Prompt → Word for word, set down the records and skip each picture.

Given records →

-------

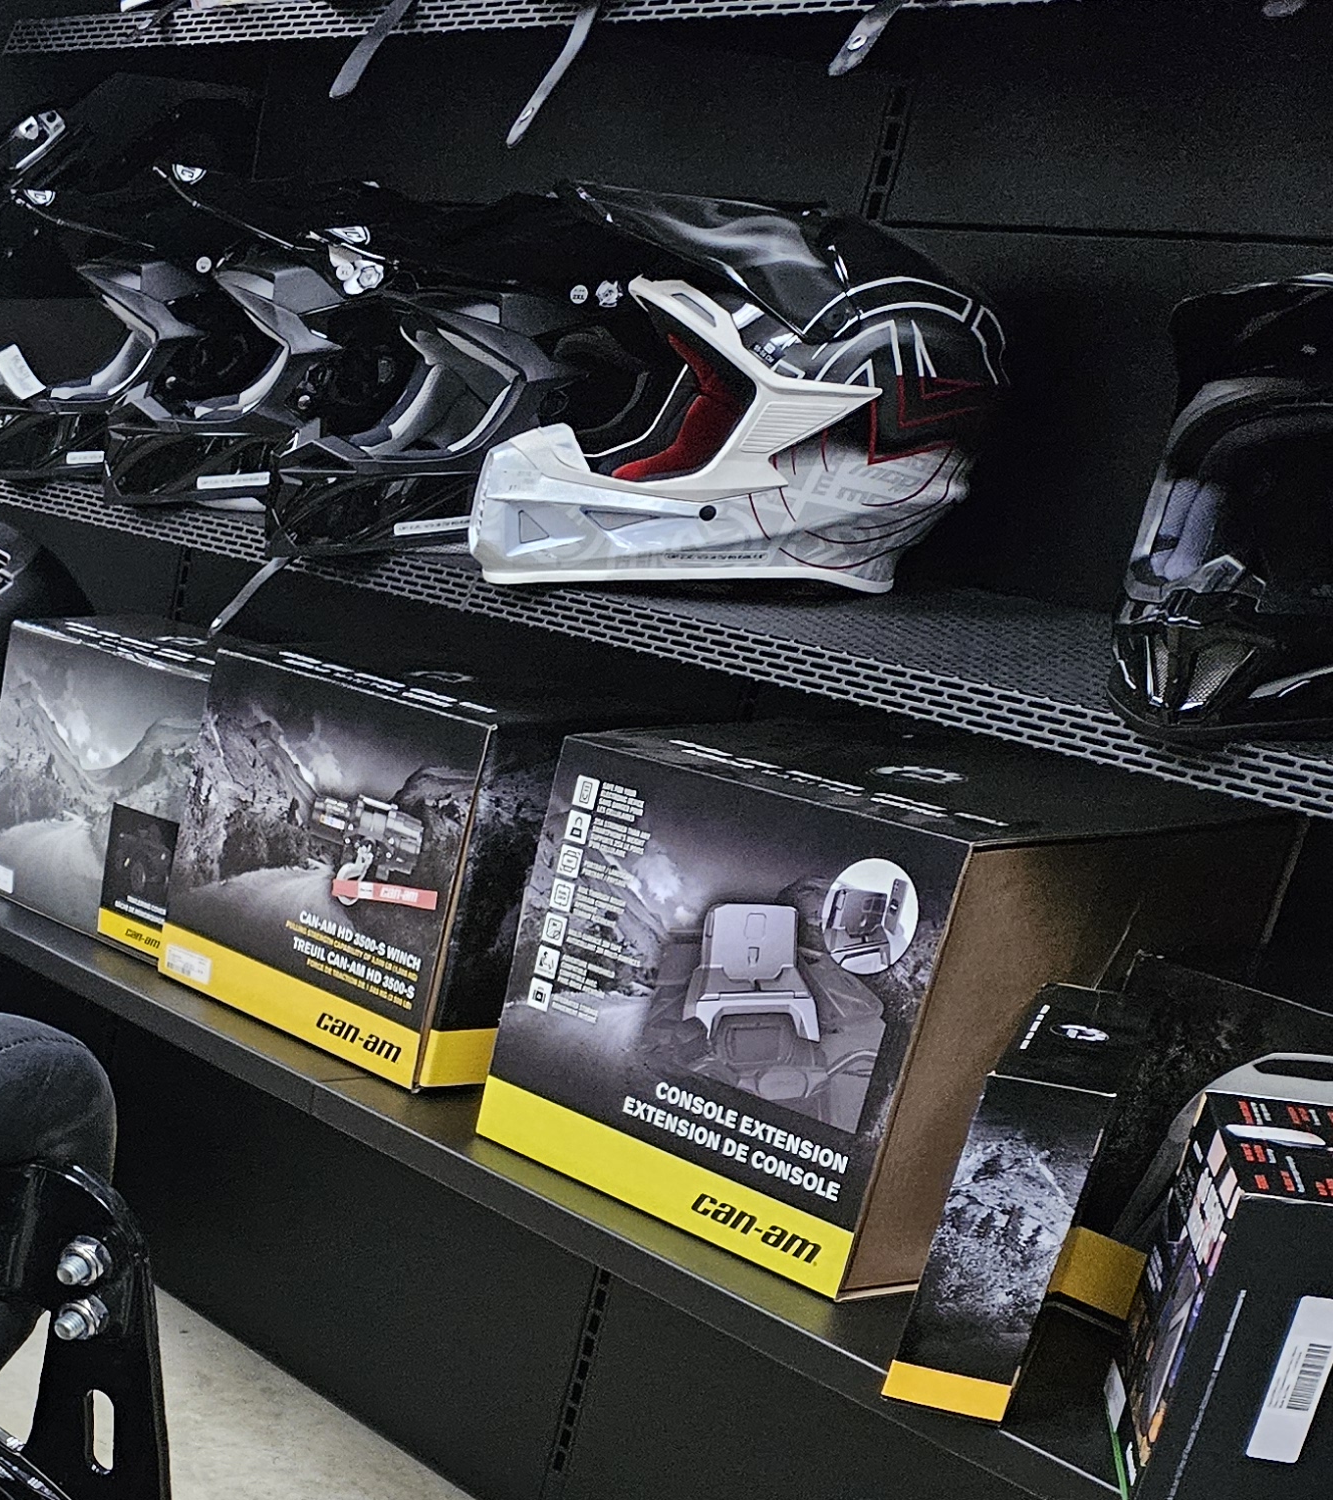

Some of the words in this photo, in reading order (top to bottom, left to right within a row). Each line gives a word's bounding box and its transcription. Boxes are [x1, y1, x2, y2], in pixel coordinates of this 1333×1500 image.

[125, 928, 161, 949] can-am
[293, 936, 326, 961] TREUIL
[327, 951, 365, 979] CAN-AM
[366, 968, 382, 985] HD
[382, 976, 416, 999] 3500-S
[299, 911, 336, 935] CAN-AM
[337, 926, 353, 942] HD
[353, 932, 385, 956] 3500-S
[386, 944, 421, 971] WINCH
[315, 1012, 402, 1063] can-am
[622, 1096, 721, 1151] EXTENSION
[722, 1138, 750, 1164] DE
[751, 1150, 841, 1202] CONSOLE
[655, 1082, 738, 1129] CONSOLE
[739, 1115, 849, 1174] EXTENSION
[691, 1193, 823, 1264] can-am
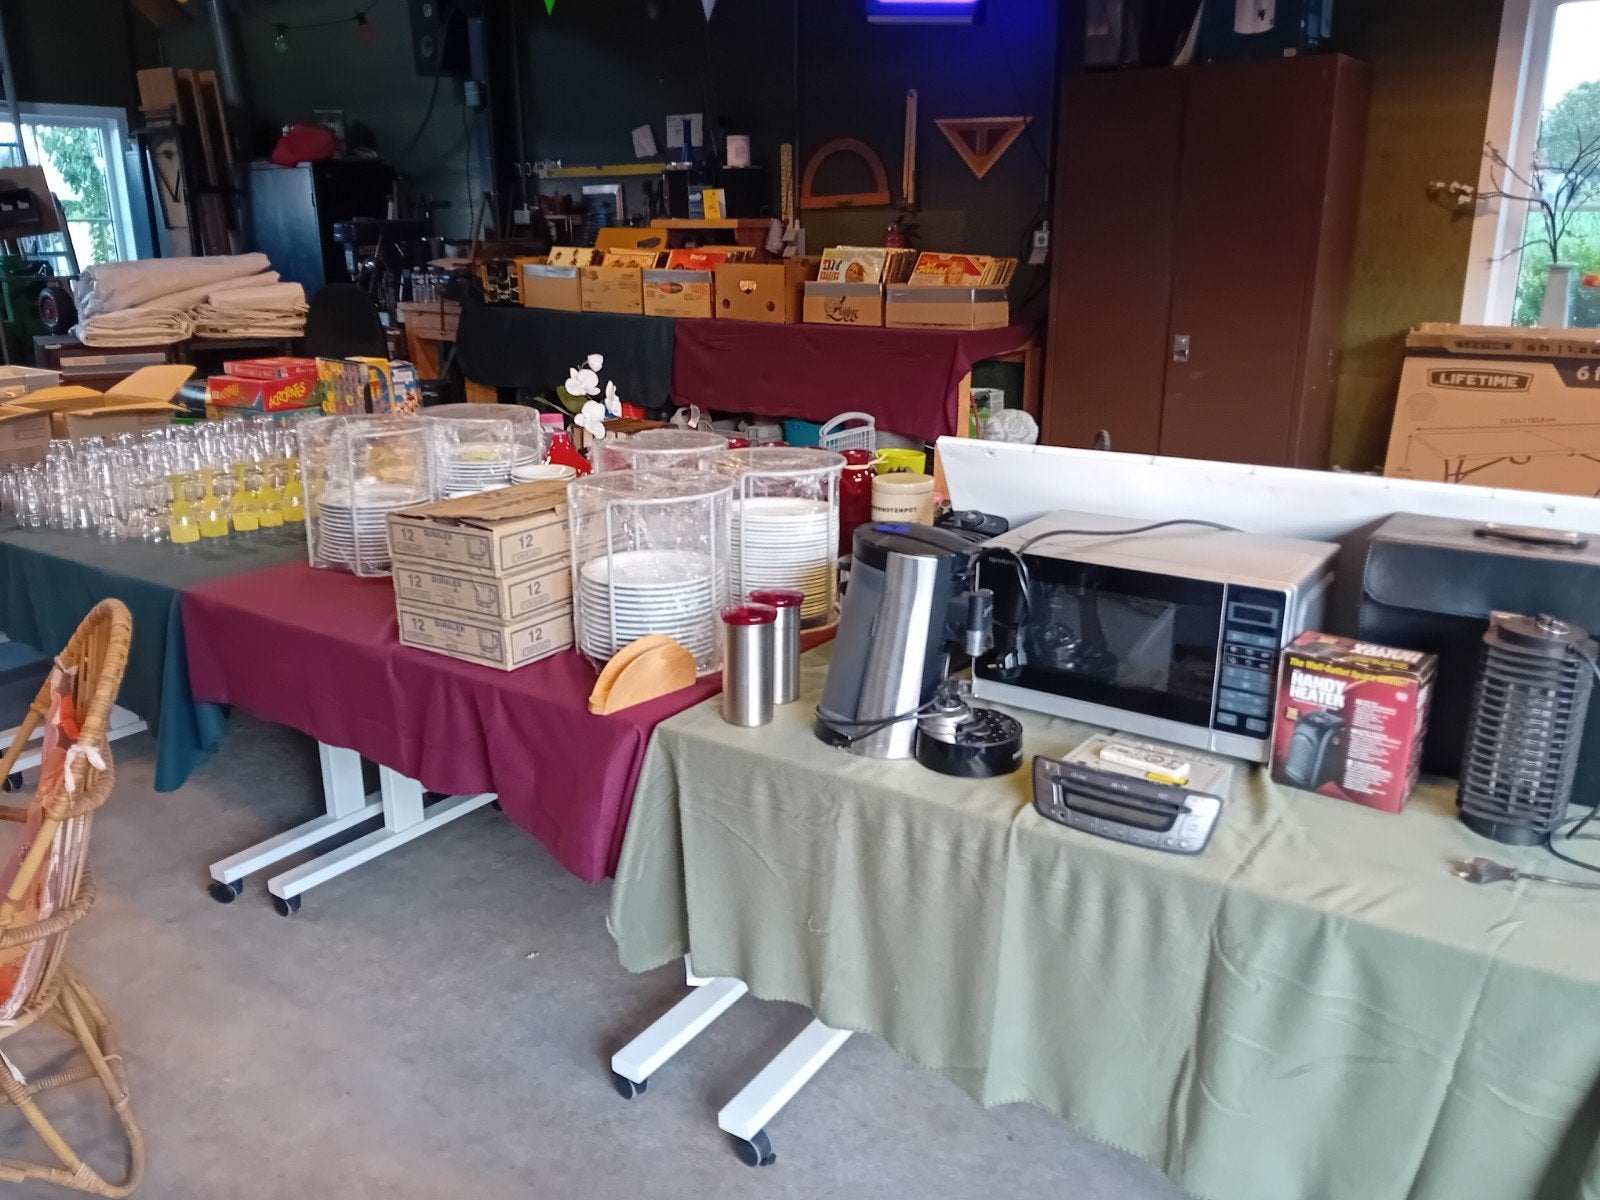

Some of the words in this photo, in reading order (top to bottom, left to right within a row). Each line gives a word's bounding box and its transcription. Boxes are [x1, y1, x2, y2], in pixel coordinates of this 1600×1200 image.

[1439, 372, 1519, 388] LIFETIME
[1576, 366, 1590, 381] 6
[401, 527, 415, 542] 12
[519, 534, 534, 549] 12
[408, 574, 422, 588] 12
[527, 581, 541, 596] 12
[411, 618, 425, 631] 12
[529, 628, 543, 642] 12
[1290, 657, 1304, 667] The
[1291, 669, 1347, 695] HANDY
[1289, 684, 1345, 709] HEATER
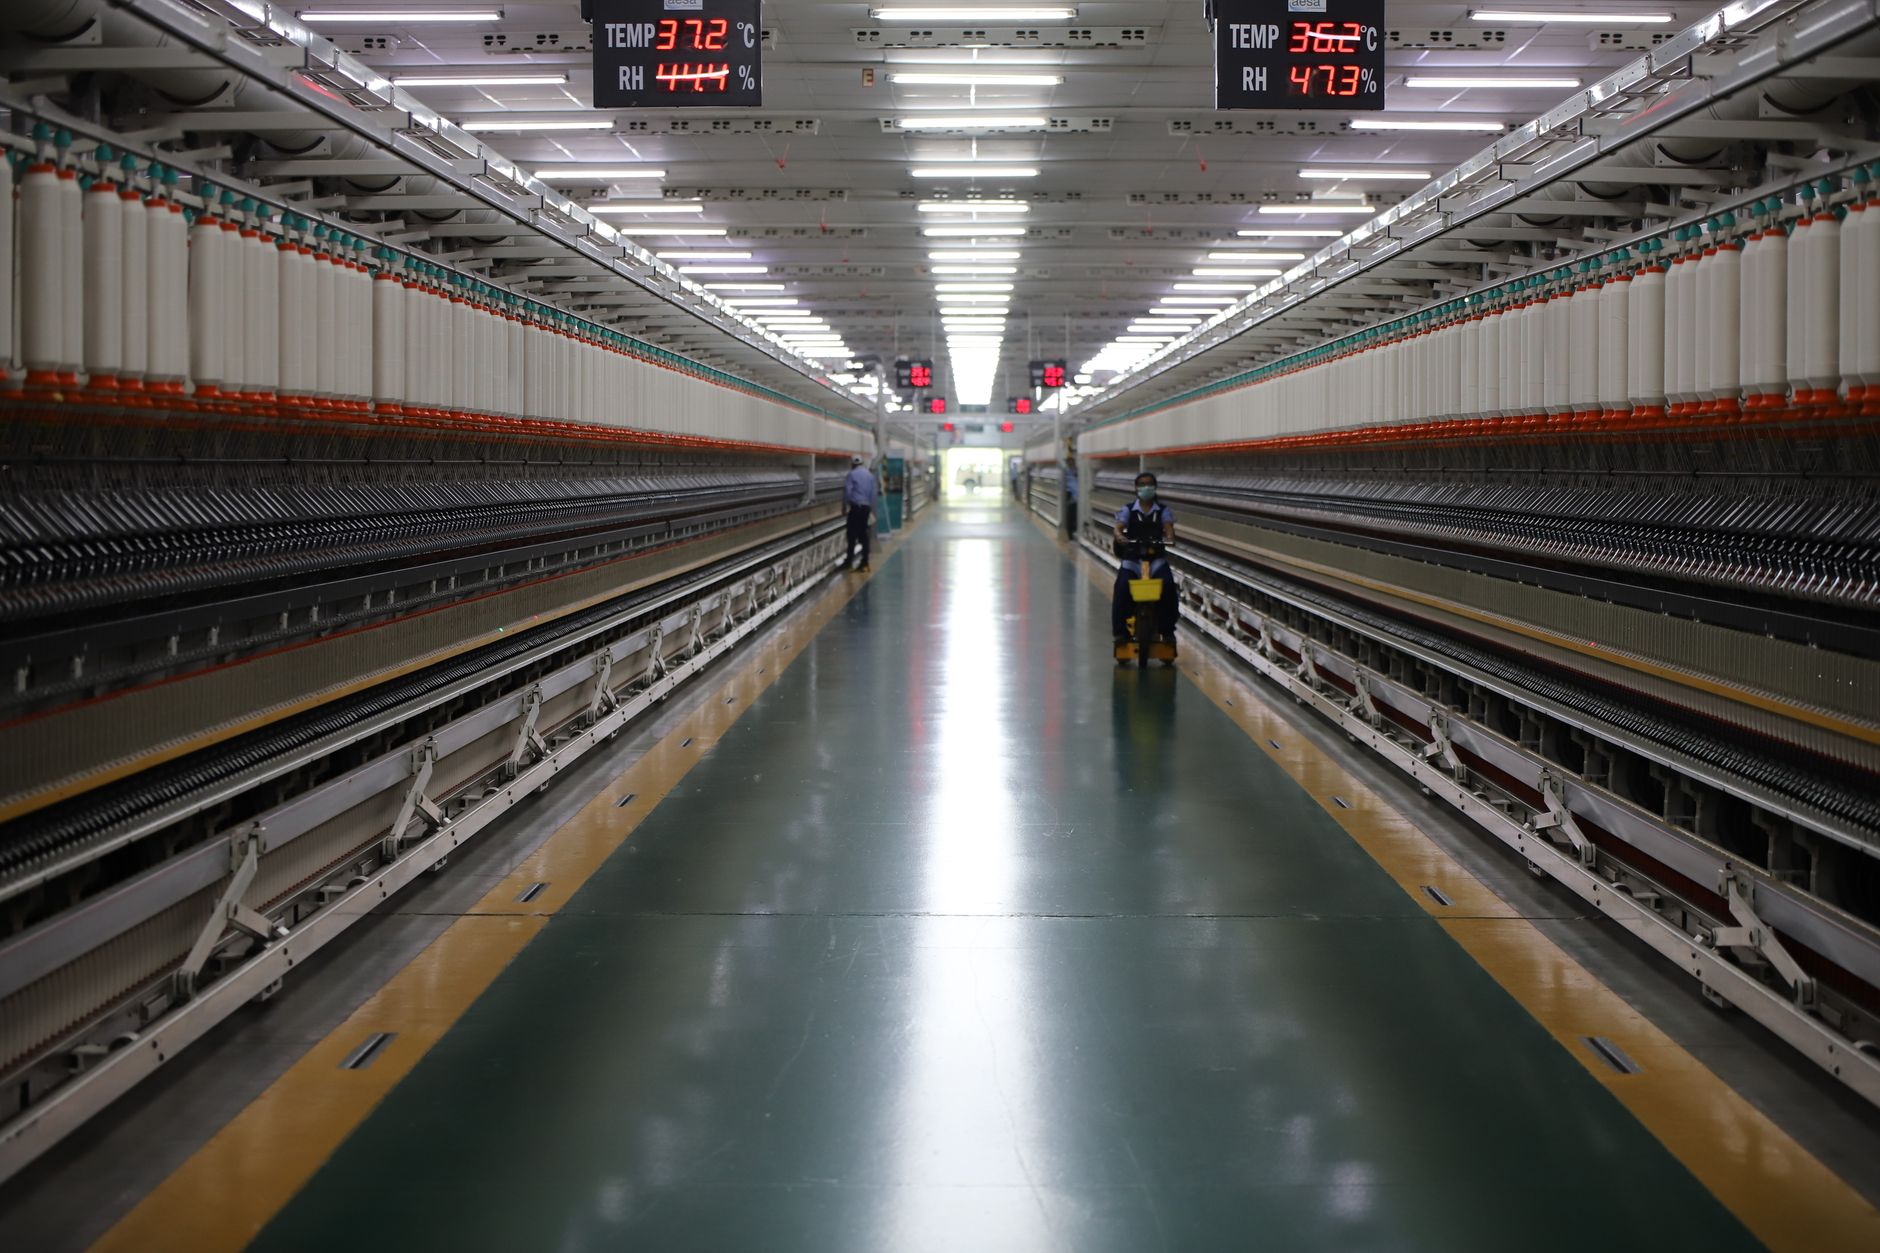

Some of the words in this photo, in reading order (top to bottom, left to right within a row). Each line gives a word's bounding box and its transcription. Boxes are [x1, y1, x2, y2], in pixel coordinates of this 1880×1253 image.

[605, 23, 656, 48] TEMP
[656, 19, 729, 50] 37.2
[736, 22, 755, 48] °C
[1230, 24, 1280, 49] TEMP
[1361, 25, 1378, 52] °C
[618, 66, 644, 91] RH
[738, 65, 755, 91] %
[1242, 66, 1267, 91] RH
[1290, 65, 1361, 96] 47.3
[1361, 68, 1377, 93] %
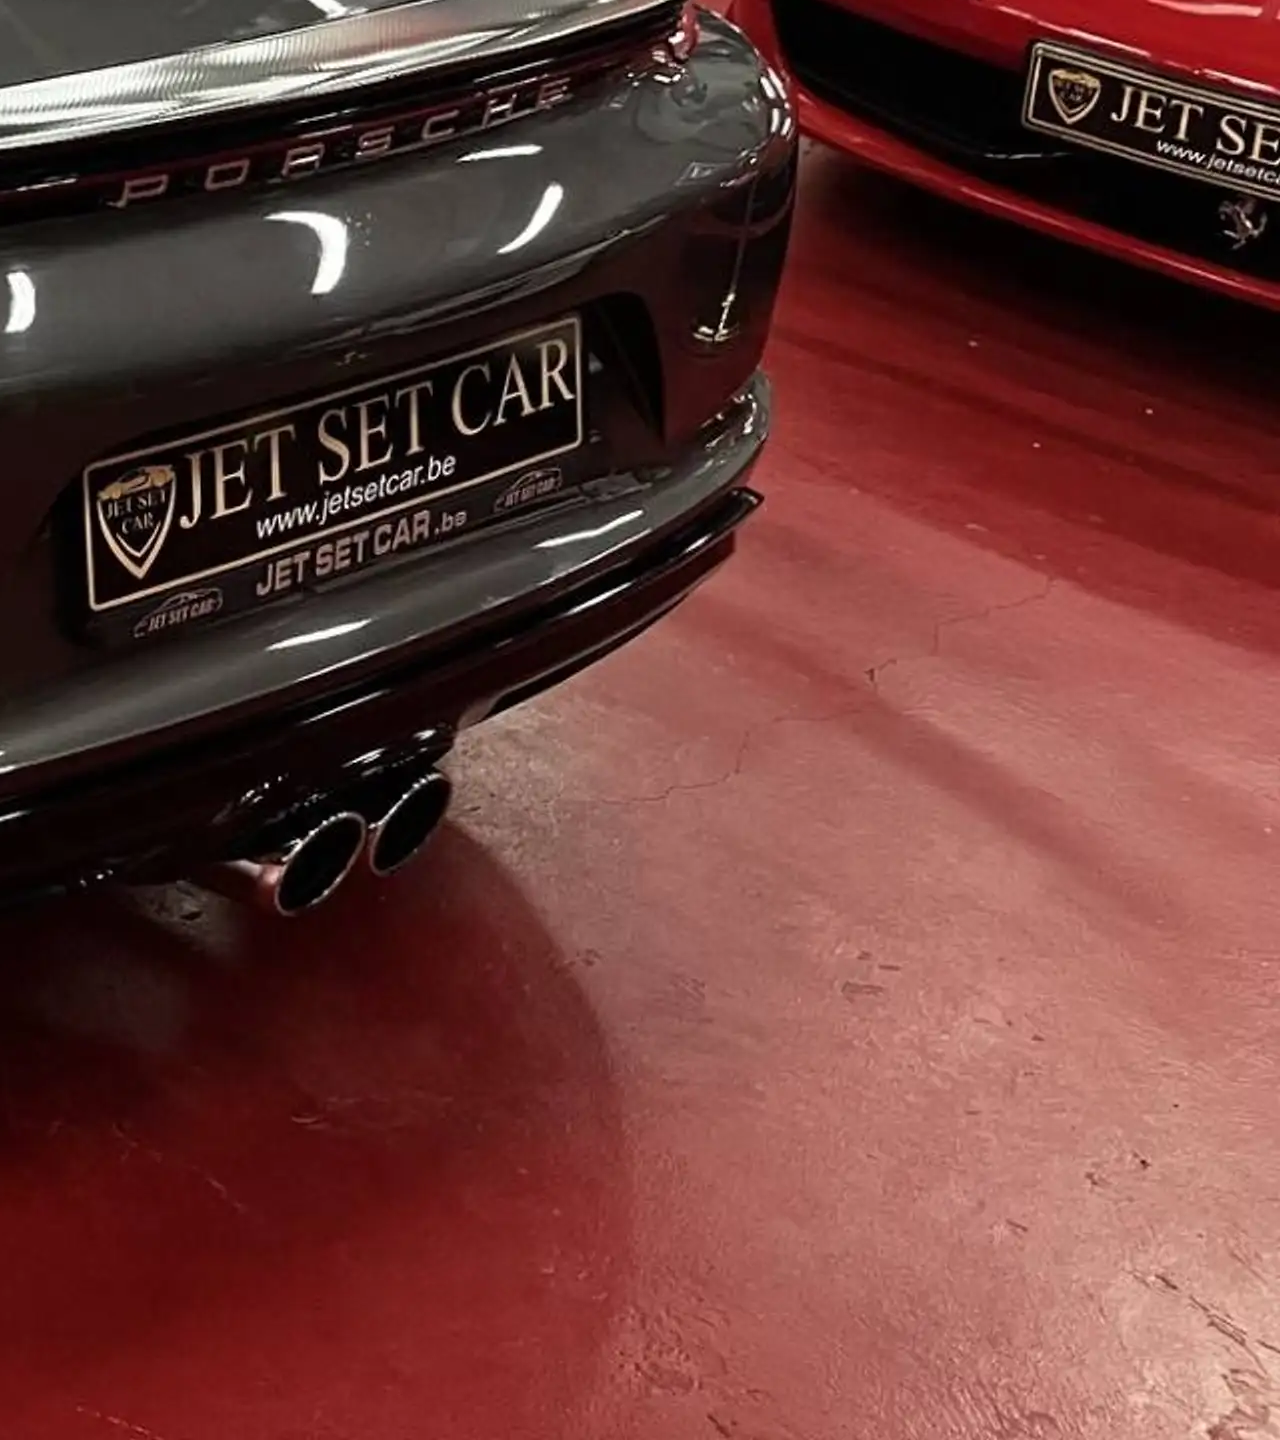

-------

Response below →
Some of the words in this photo, in reading order (top to bottom, left to right within a row). Each line gives a word's bounding box and its transcription. Boxes are [x1, y1, x2, y2], in pixel coordinates of this 1333×1500 image.

[125, 928, 161, 949] can-am
[293, 936, 326, 961] TREUIL
[327, 951, 365, 979] CAN-AM
[366, 968, 382, 985] HD
[382, 976, 416, 999] 3500-S
[299, 911, 336, 935] CAN-AM
[337, 926, 353, 942] HD
[353, 932, 385, 956] 3500-S
[386, 944, 421, 971] WINCH
[315, 1012, 402, 1063] can-am
[622, 1096, 721, 1151] EXTENSION
[722, 1138, 750, 1164] DE
[751, 1150, 841, 1202] CONSOLE
[655, 1082, 738, 1129] CONSOLE
[739, 1115, 849, 1174] EXTENSION
[691, 1193, 823, 1264] can-am

Some of the words in this photo, in reading order (top to bottom, left to right within a row). Each line gives a word's bounding box and its transcription. Boxes are [x1, y1, x2, y2], in pixel coordinates of this 1600×1200 image.

[1439, 372, 1519, 388] LIFETIME
[1576, 366, 1590, 381] 6
[401, 527, 415, 542] 12
[519, 534, 534, 549] 12
[408, 574, 422, 588] 12
[527, 581, 541, 596] 12
[411, 618, 425, 631] 12
[529, 628, 543, 642] 12
[1290, 657, 1304, 667] The
[1291, 669, 1347, 695] HANDY
[1289, 684, 1345, 709] HEATER

Some of the words in this photo, in reading order (top to bottom, left to right within a row). Each line gives a word's bounding box and its transcription. Boxes are [x1, y1, x2, y2], in pixel coordinates of this 1880×1253 image.

[605, 23, 656, 48] TEMP
[656, 19, 729, 50] 37.2
[736, 22, 755, 48] °C
[1230, 24, 1280, 49] TEMP
[1361, 25, 1378, 52] °C
[618, 66, 644, 91] RH
[738, 65, 755, 91] %
[1242, 66, 1267, 91] RH
[1290, 65, 1361, 96] 47.3
[1361, 68, 1377, 93] %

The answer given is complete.